Malignant Hyperthermia: The recovery from general anaesthesia should be assessed carefully before patients are discharged from the recovery room. In susceptible individuals, potent inhalation anaesthetic agents may trigger a skeletal muscle hypermetabolic state leading to high oxygen demand and the clinical syndrome known as malignant hyperthermia. The syndrome may include nonspecific features eg, muscle rigidity, tachycardia, tachypnoea, cyanosis, arrhythmias and unstable blood pressure. Treatment includes discontinuation of triggering agents (eg, sevoflurane), administration of dantrolene sodium IV and application of supportive therapy. Renal failure may appear later and urine flow should be monitored and sustained if possible.
Perioperative Hyperkalemia: Use of inhaled anaesthetic agents has been associated with very rare increases in serum potassium levels that have resulted in cardiac arrhythmias and death in children during the postoperative period. The condition has been described in patients with latent as well as overt neuromuscular disease, particularly Duchenne muscular dystrophy. Use of suxamethonium has been associated with most, but not all of these cases. These patients showed evidence of muscle damage with increased serum creatinine kinase concentration and myoglobinuria. These patients did not have classical signs of malignant hyperthermia eg, muscle rigidity, rapid increase in body temperature or increased oxygen uptake and carbon dioxide production. Prompt and vigorous treatment for hyperkalaemia and arrhythmias is recommended.
Subsequent evaluation for latent neuromuscular disease is indicated.
Renal Function:  Because clinical experience in administering sevoflurane to patients with renal insufficiency (creatinine >1.5 mg/dL) is limited, its safety in these patients has not been established. Limited pharmacology data in these patients appear to suggest that the half-life (t½) of sevoflurane may be increased. The clinical significance is unknown at this time. Thus, sevoflurane should be used with caution in these patients.
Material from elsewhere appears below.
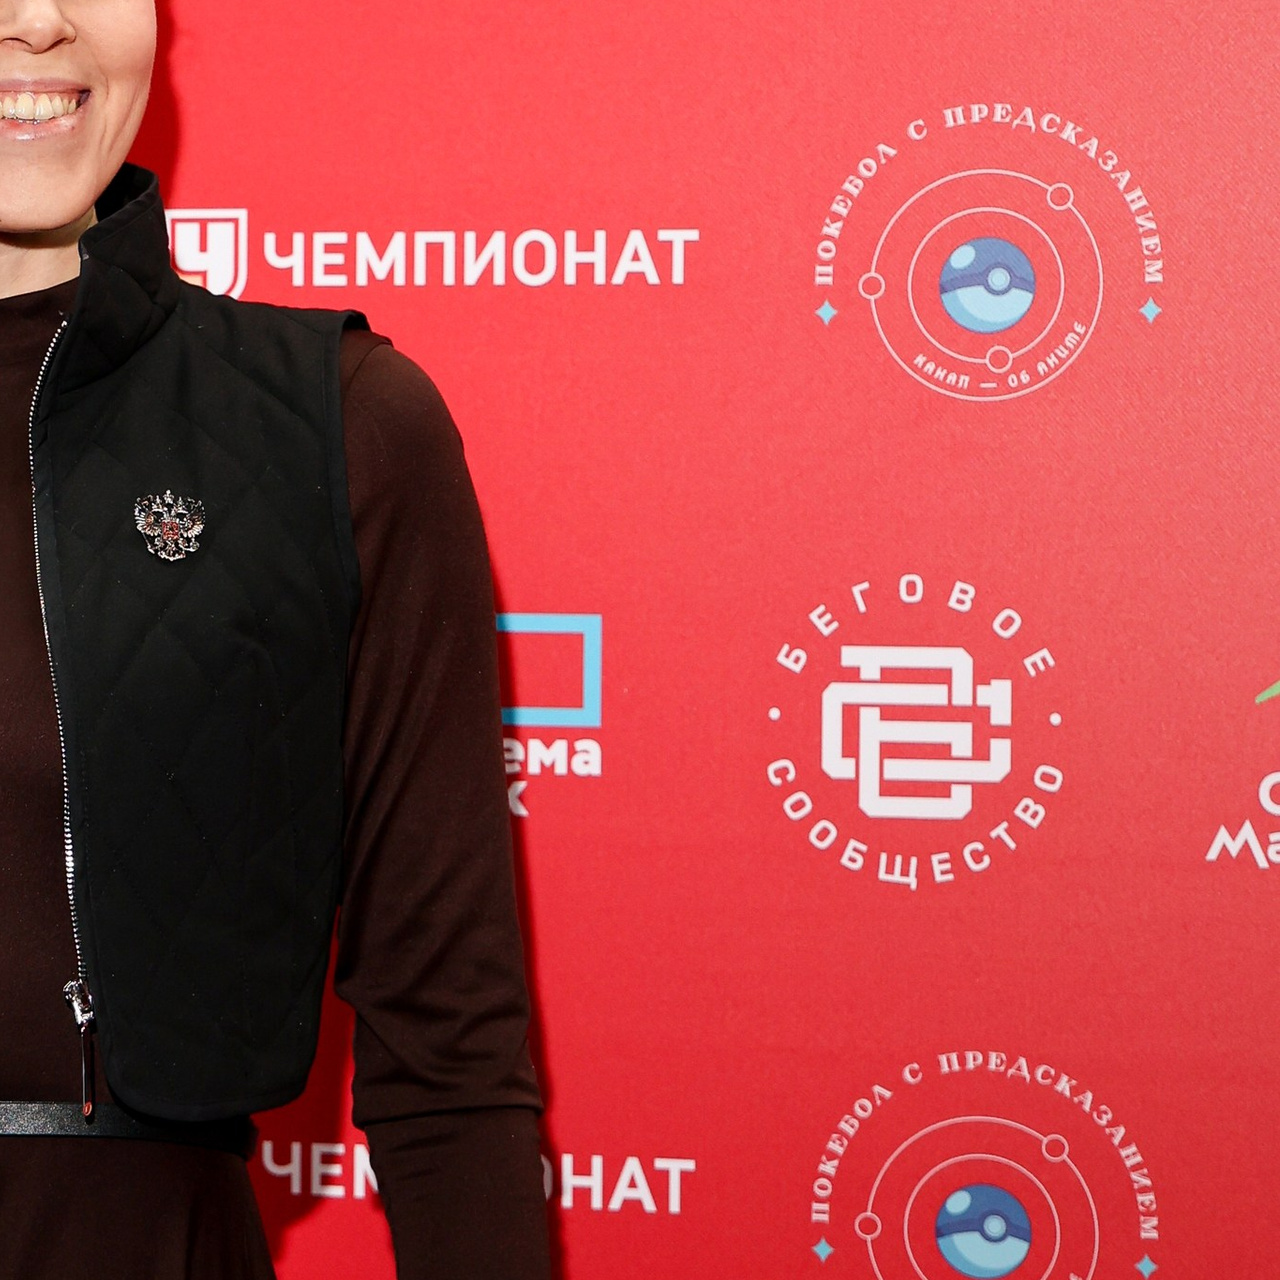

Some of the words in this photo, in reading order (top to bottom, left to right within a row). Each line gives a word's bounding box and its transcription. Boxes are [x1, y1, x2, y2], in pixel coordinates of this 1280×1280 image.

Hepatic Function:  Results of evaluations of laboratory parameters (eg, ALT, AST, alkaline phosphatase and total bilirubin, etc.), as well as investigator-reported incidence of adverse reactions relating to liver function, demonstrate that sevoflurane can be administered to patients with normal or mild-to-moderately impaired hepatic function. However, patients with severe hepatic dysfunction were not investigated.
Occasional cases of transient changes in postoperative hepatic function tests were reported with both sevoflurane and reference agents. Sevoflurane was found to be comparable to isoflurane with regard to these changes in hepatic function.
Very rare cases of mild, moderate and severe postoperative hepatic dysfunction or hepatitis with or without jaundice have been reported from post-marketing experiences. Clinical judgement should be exercised when sevoflurane is used in patients with underlying hepatic conditions or under treatment with drugs known to cause hepatic dysfunction.
Compound A: Sevoflurane produces low levels of Compound A [pentafluoroisopropenyl fluoromethyl ether (PIFE)] and trace amounts of Compound B [pentafluoromethoxy isopropyl fluoromethyl ether (PMFE)], when in direct contact with carbon dioxide absorbents. Levels of Compound A may increase with: Increase in canister temperature, increase in anaesthetic concentration; decrease in gas flow rate and with the use of Baralyme rather than soda lime. (See also Pharmaceutical Precautions)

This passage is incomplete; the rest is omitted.